Pacelle compared King's amendment to "legislative kudzu, so invasive and dangerous it could crowd out hundreds of state and local laws setting appropriate standards for agriculture."
Further, he noted that the amendment would prevent states' rights to impose "reasonable standards" on agriculture to protect animals, workers, the environment and consumers.
A group of lawmakers are also joining in to back HSUS' position, noting in a letter to House Ag Committee Ranking Member Collin Peterson, dated Aug. 2, that the amendment could repeal laws that cover food safety and environmental protection, not just farm animals.
"For example, labeling and other rules for products and ingredients such as artificial sweeteners, maple syrup, milk fat, farm-raised fish, tobacco, and additives in alcohol could be swept away," the group said.

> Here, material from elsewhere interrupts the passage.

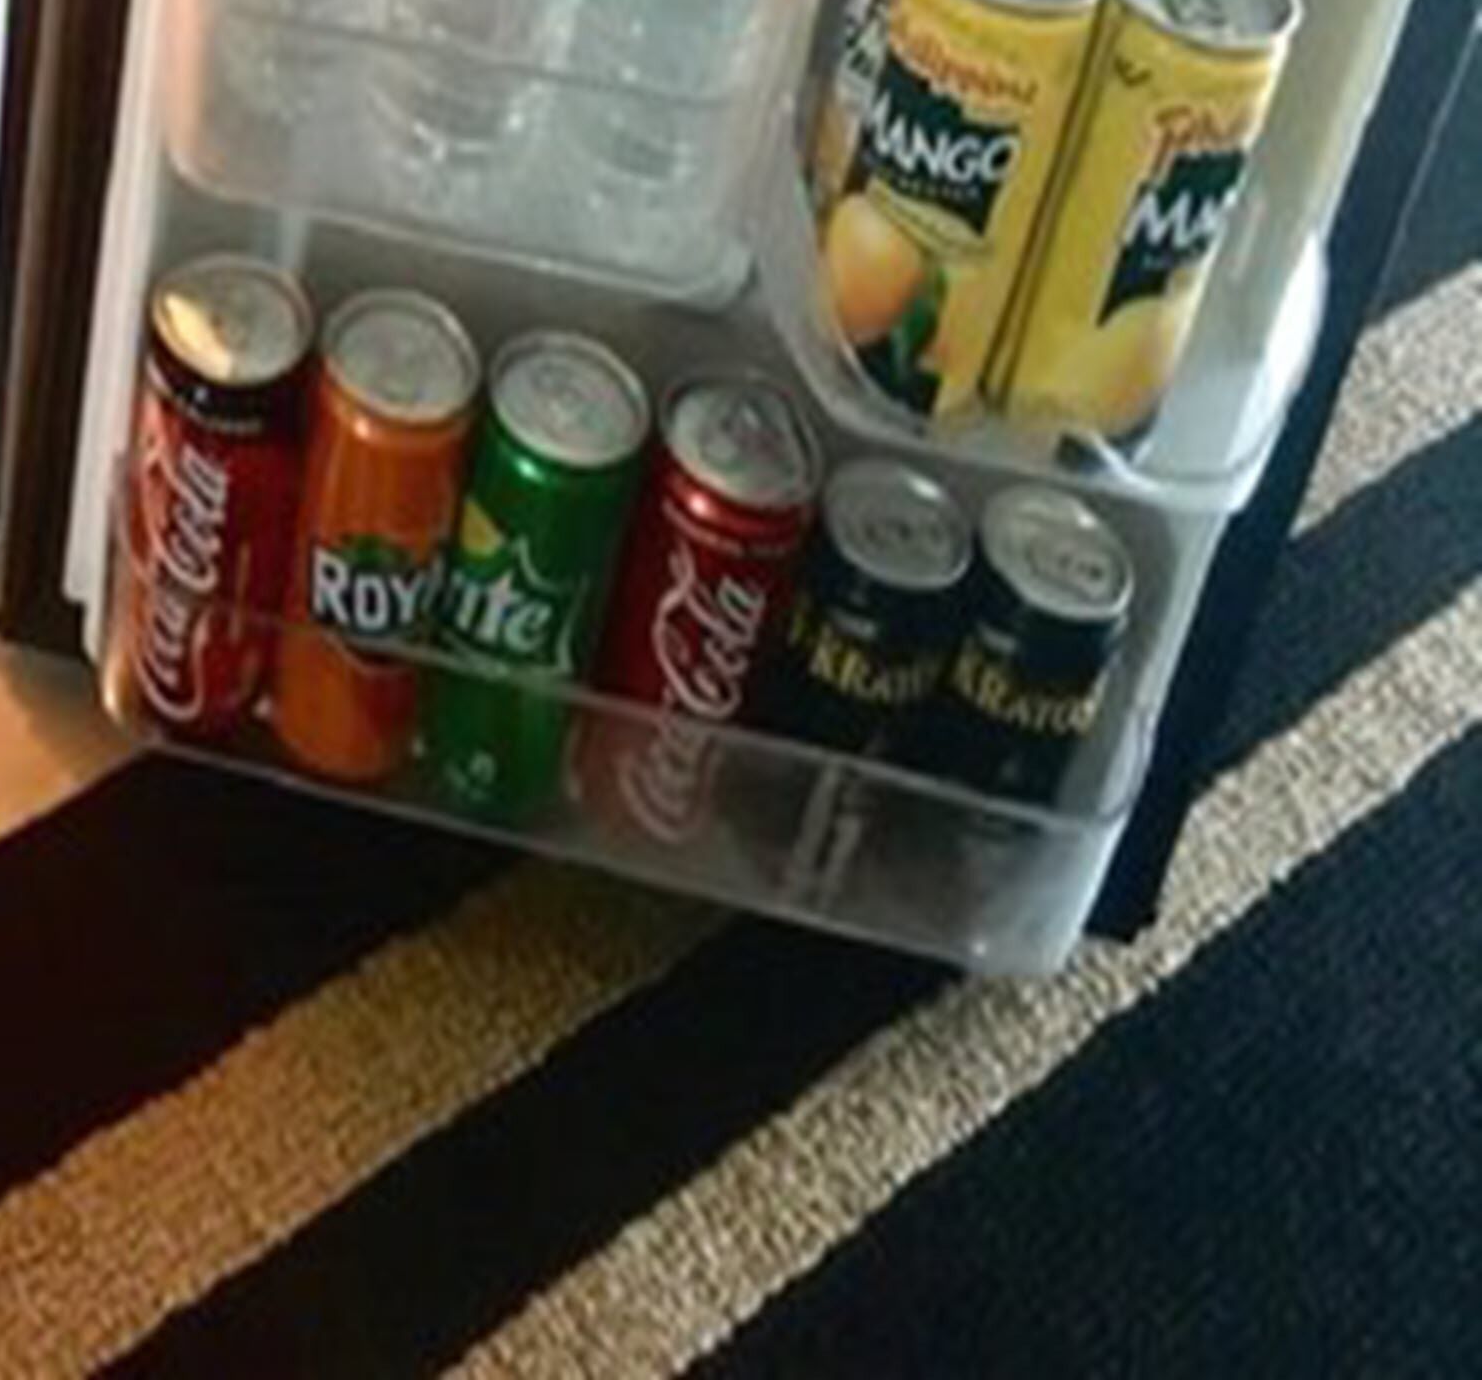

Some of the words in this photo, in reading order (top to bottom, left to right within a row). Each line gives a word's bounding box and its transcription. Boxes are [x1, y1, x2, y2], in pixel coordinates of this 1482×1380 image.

[866, 88, 1021, 182] MANGO
[311, 544, 444, 632] ROY
[452, 566, 553, 653] ite

Additionally, they claimed that it could present a hurdle to cross in the grand scheme of farm bill negotiations.
"The King amendment represents an additional layer of serious controversy on already controversial legislation. As you work with colleagues to develop a final Farm Bill package for consideration by the House and to find sufficient votes to pass it, we strongly urge you to do all you can to keep out the King amendment and any provision like it," they said.
The amendment has already seen significant debate during House markup of the farm bill, though it passed on a voice vote.